As a producer, his discography spans across the globe with international collaborations, proving that music truly has no boundaries. This is something that stands out for the musician.
Having experienced dynamic moments of growth as a musician, places like Seoul and New York playing an influence, Macrohard expresses his unique perspective through the medium of sonic and visual art.
As a film scorer, he has worked on indie films, fashion films, and advertisements with his finesse of cinematic knowledge.
As a veteran DJ, he has rocked dance floors of all shapes and sizes, from underground hip-hop venues to EDM festivals. Something his success continues to grow in.
His craft of taste-making now extends to the art and apparel world, via his brand ‘asianpear.’ The ever evolving career of Macrohard is a testament to his adaptiveness and unquenchable passion for creativity and connection.
Check out the interview here.
Q: You are in NYC..a melting pot of choices – how do you come to terms with what is your scene and sound amongst your community (on or offline?)

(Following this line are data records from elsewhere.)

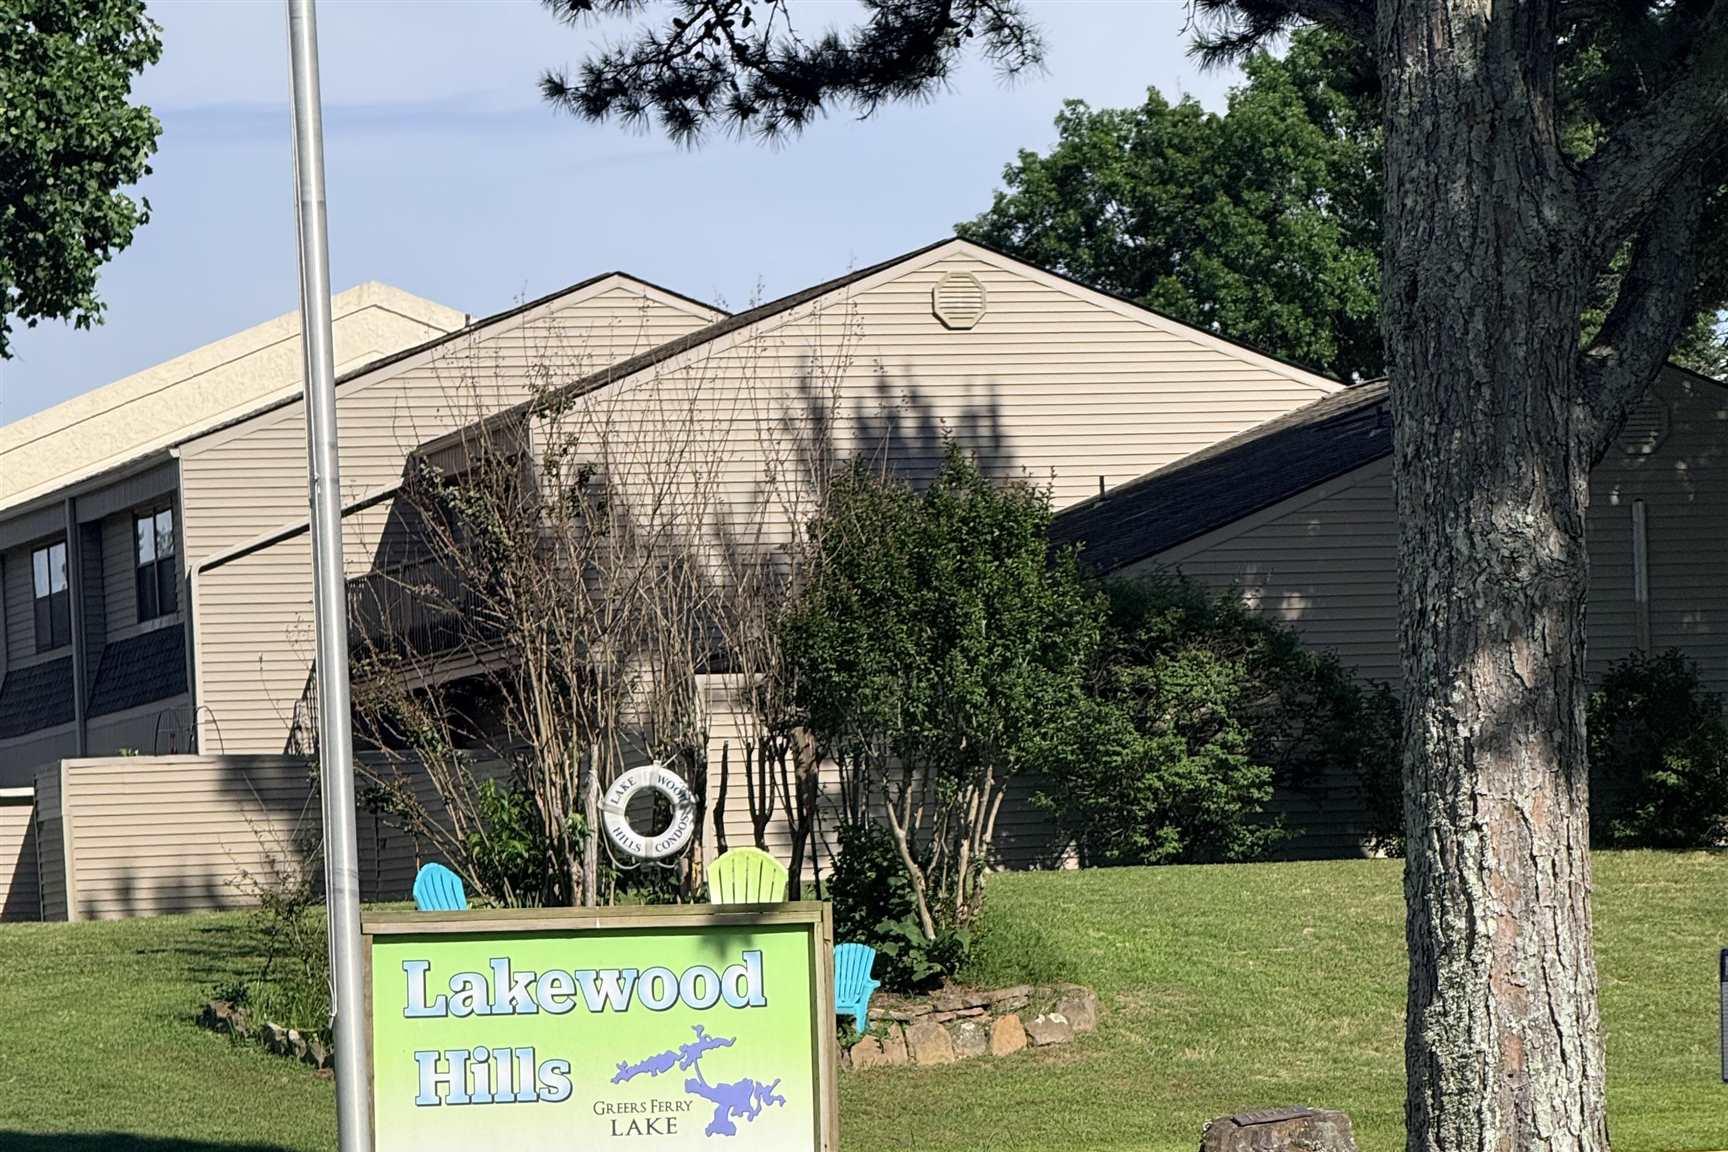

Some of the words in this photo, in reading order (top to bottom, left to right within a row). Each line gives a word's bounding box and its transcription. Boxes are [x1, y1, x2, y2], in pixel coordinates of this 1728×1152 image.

[610, 776, 637, 805] LAKE
[612, 826, 641, 853] HILLS
[402, 950, 767, 1018] Lakewood
[414, 1046, 573, 1106] Hills
[593, 1100, 647, 1115] GREERS
[650, 1099, 693, 1113] FERRY
[611, 1117, 678, 1136] LAKE
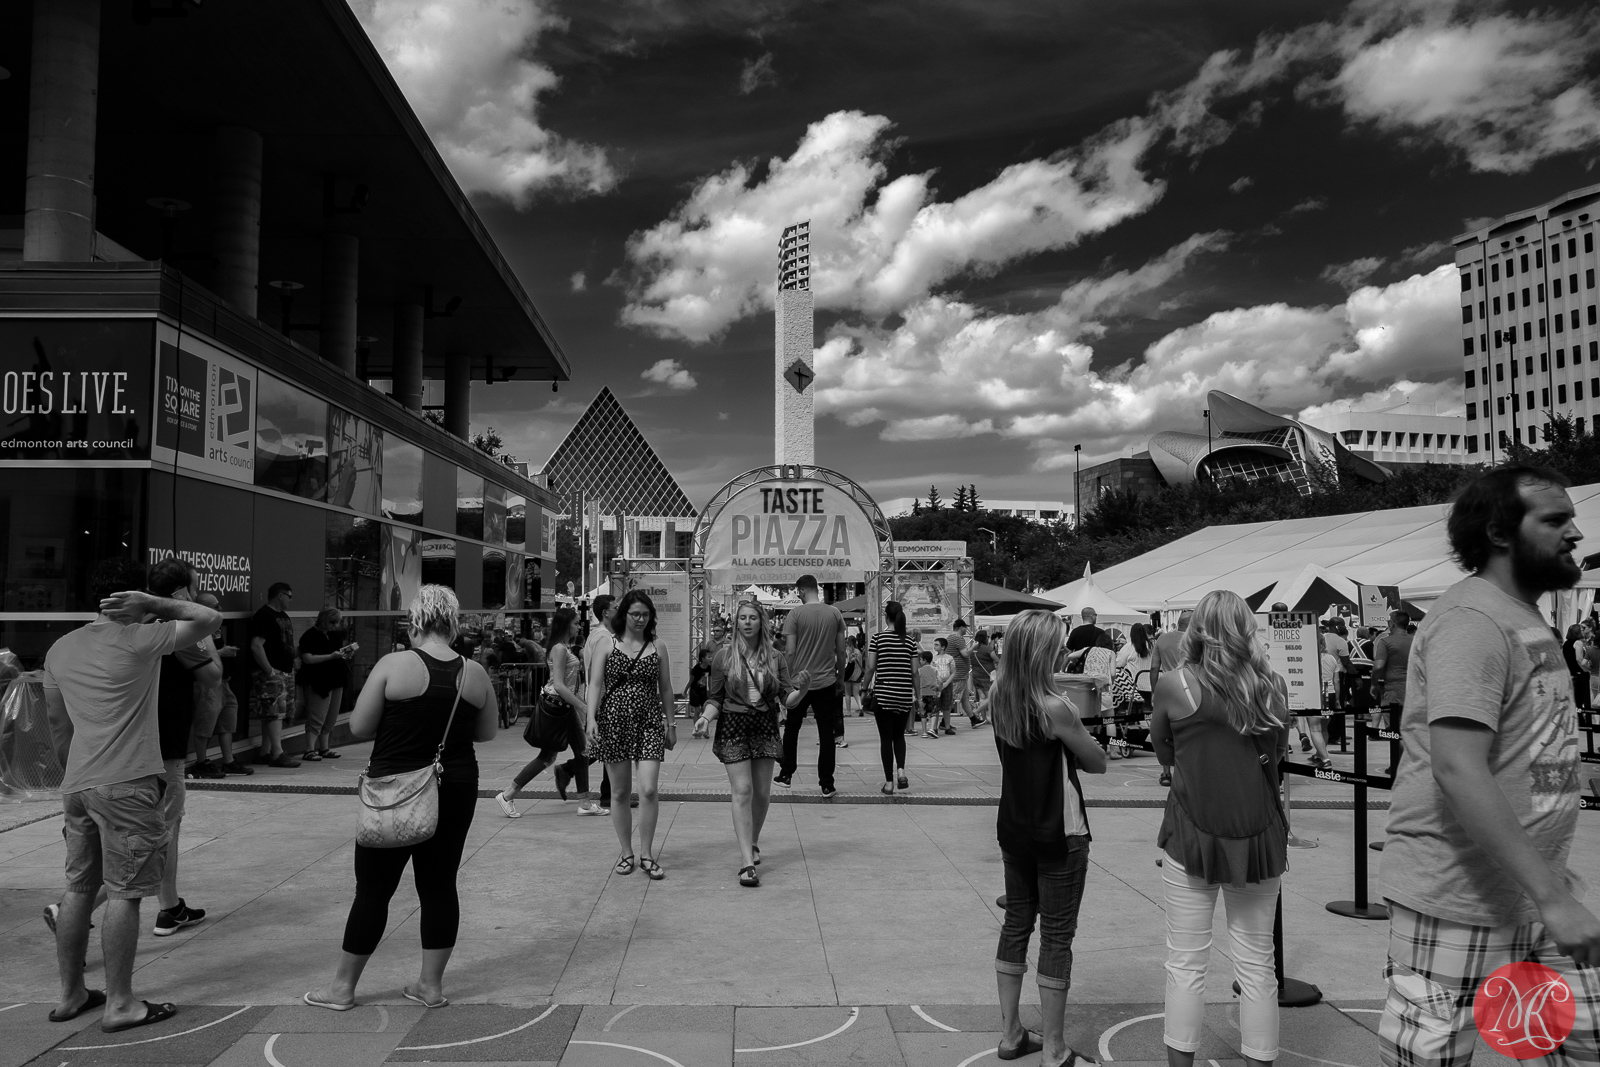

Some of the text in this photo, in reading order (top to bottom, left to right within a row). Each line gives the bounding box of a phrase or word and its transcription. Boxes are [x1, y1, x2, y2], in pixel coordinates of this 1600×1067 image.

[4, 371, 135, 415] OES LIVE.
[209, 364, 217, 439] edmonton
[1, 438, 134, 449] edmonton arts council
[209, 447, 254, 470] arts council
[760, 488, 824, 514] TASTE
[731, 515, 851, 556] PIAZZA
[898, 545, 942, 553] EDMONTON
[731, 558, 851, 567] ALL AGES LICENSED AREA
[1272, 619, 1303, 629] ticket
[1273, 629, 1300, 640] PRICES
[1378, 729, 1400, 739] taste
[1109, 737, 1127, 747] taste
[1314, 768, 1341, 781] taste
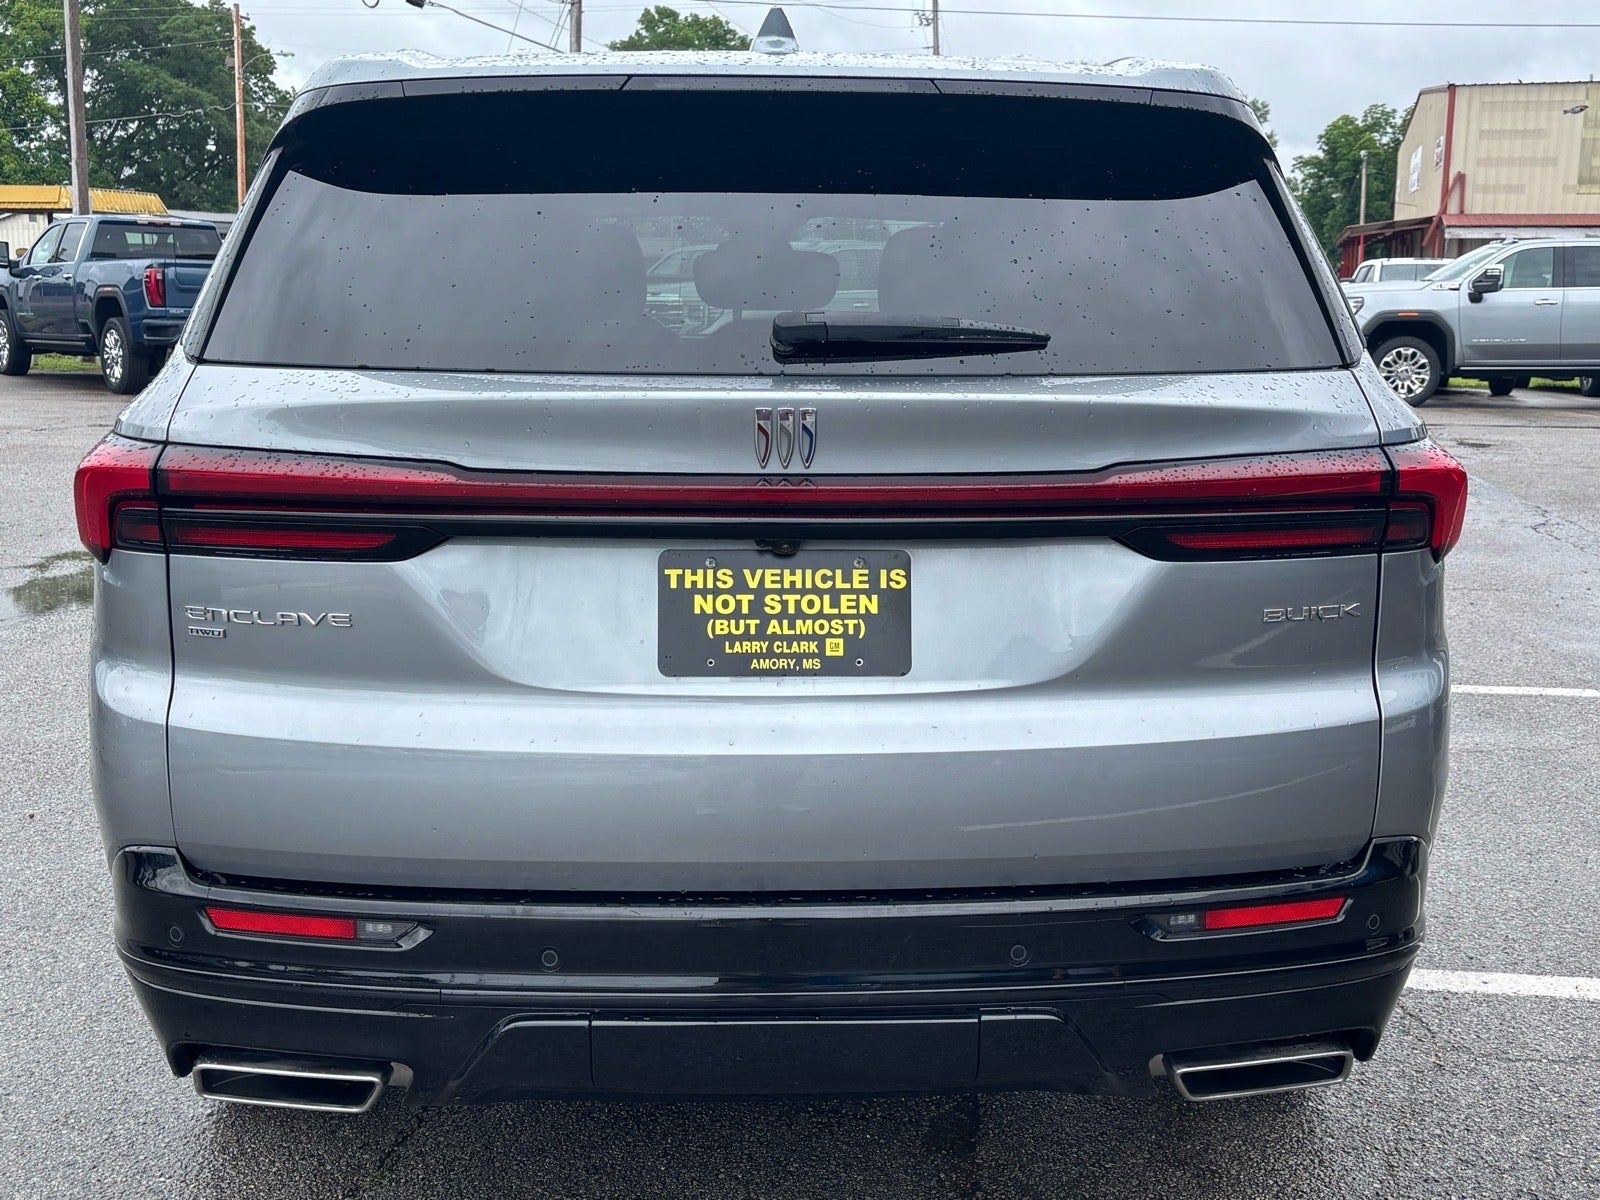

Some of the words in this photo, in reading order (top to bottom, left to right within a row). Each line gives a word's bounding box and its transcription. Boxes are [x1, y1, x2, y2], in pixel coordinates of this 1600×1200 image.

A: While 100% of my local gigs are in NYC, I actually live across the river in New Jersey, so I am able to distance myself from the hustle and bustle of city life. That being said, I love the cultural hub that is NYC, and the diverse scenes within it. I’ve spun everything from chicken joints and karaoke’s to fashion shows and museum openings, to major clubs and venues like The Marquee and Webster Hall; from Reggae, to Dubstep, to Lo-fi to Tech House and more. I think that is the true beauty of being a local DJ in a scene such as NYC… to be able to be versatile in the choice of music I played out, for the many different types of crowds and venues I was able to access within such a compact area. Also, while I don’t particularly like being pigeonholed as an “Asian DJ,” I must say, I really appreciate the love I have received thus far from the Asian/Korean community that is so vibrant in NYC.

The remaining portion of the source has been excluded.